En parallèle vous avez monté votre propre association…
Tout à fait, Amassa Climb est basée à Toulouse en partenariat avec cinq salles de bloc. Notre objectif consiste à aider les personnes en difficultés financières, sociales et celles atteintes d’un handicap. Nous rendons accessible la pratique sportive afin de se sentir mieux et de retrouver des objectifs. Notre public est assez varié. Il comprend des réfugiés, des migrants, des demandeurs d’asile, des personnes ayant subit des violences, des enfants du secours populaire. Afin de promouvoir nos actions j’ai créé une chaîne Youtube mais cette année c ‘était assez difficile avec la crise sanitaire, nous avons annulé beaucoup d’événements. Nous essayons de rester actifs sur les réseaux sociaux. Nous pourrions nous agrandir un peu plus dans d’autres régions déjà intéressées. Mais avant cela, nous devons nous forger une expérience à Toulouse. Plus tard, si nous y parvenons, il faudra conserver les valeurs de base : solidarité, partage, inclusion.
Ce n’est pas votre unique engagement…
En effet, je suis ambassadrice du Collectif des Sportives. Cette association aide les athlètes de haut niveau dans leur carrière et retraite sportive. Je les ai rejoint après mon burn-out, lorsque de nombreuses portes se sont ouvertes. C’est une initiative à laquelle je suis sensible. La pratique féminine est moins valorisée, moins médiatisée. On ne réalise pas toujours les enjeux engendrés par le haut-niveau pour les femmes. Il y a un lien particulier à la féminité, le fait de se confronter aux hommes, d’être moins valorisées, de vouloir des enfants, etc. J’avais envie d’aider en partageant mon parcours et en mettant en garde sur cette recherche de performance sans cesse. Aider à trouver la raison pour laquelle on repousse nos limites, est-ce vraiment pour soi ?

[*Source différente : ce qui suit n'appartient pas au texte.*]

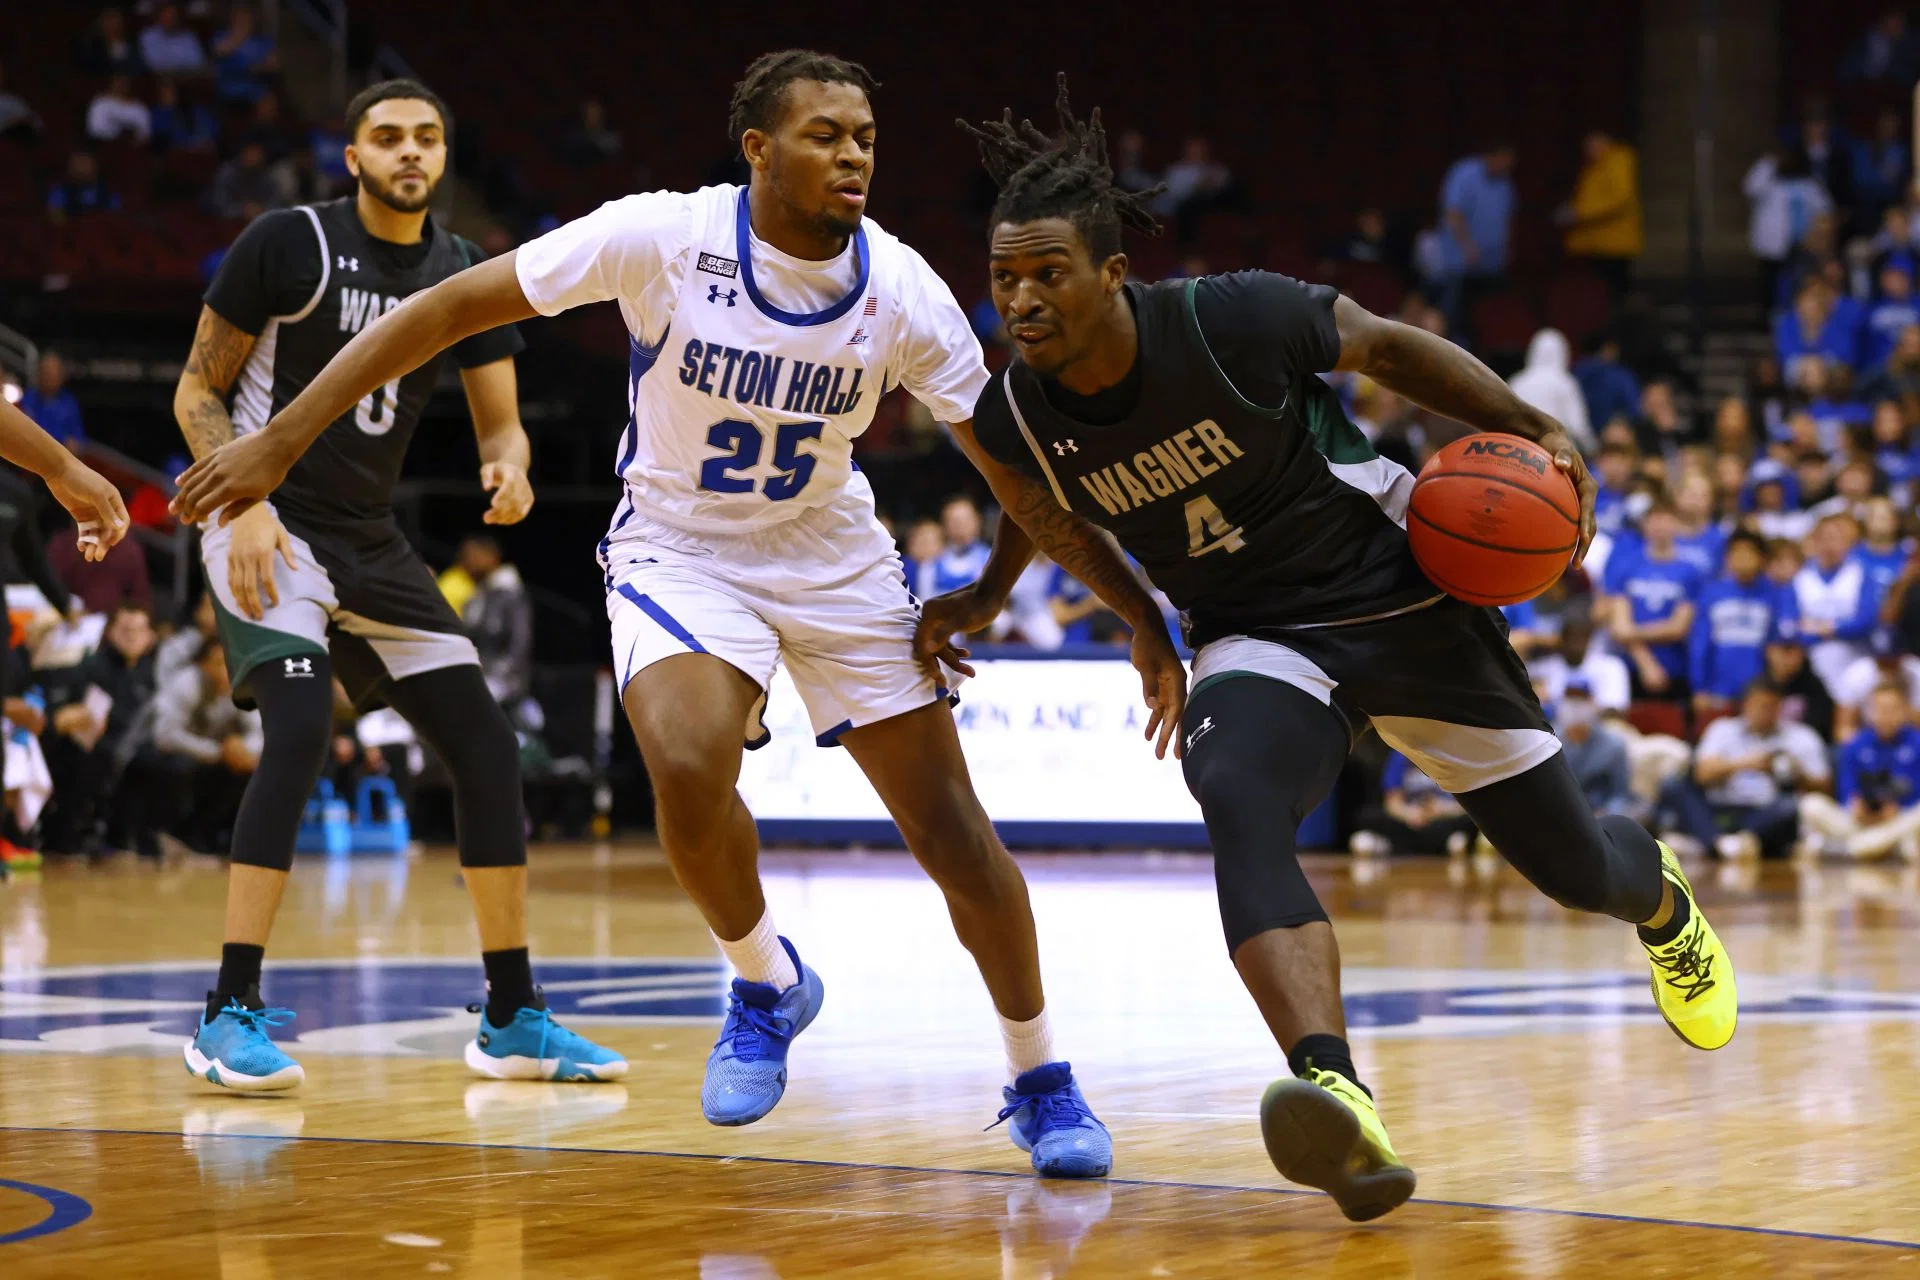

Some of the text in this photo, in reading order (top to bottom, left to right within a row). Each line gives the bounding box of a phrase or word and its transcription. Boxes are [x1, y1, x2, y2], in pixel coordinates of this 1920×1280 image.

Que pensez vous de la médiatisation de l’escalade en France ? Et est-ce selon vous assez équilibré entre les hommes et les femmes ?
On reste dans un microcosme, les grimpeurs sont à fond et les infos restent au sein de notre communauté. Notre sport est sous-médiatisé et pas vraiment exploité à sa juste valeur. L’entrée de la discipline aux JO est une évolution importante. Cette mise en lumière au près d’un nouveau public débouchera sûrement sur un apport financier bénéfique à notre développement. Pour moi, c’est un sport hyper complet et une philosophie de vie méritant d’être plus connu. L’escalade nous pousse à se poser des questions, à préserver la nature, à être ensemble et à se dépasser. Il y a un fil conducteur qu’on retrouve chez tous les grimpeurs du monde.
Y aurait-il des efforts à faire du côté des institutions ?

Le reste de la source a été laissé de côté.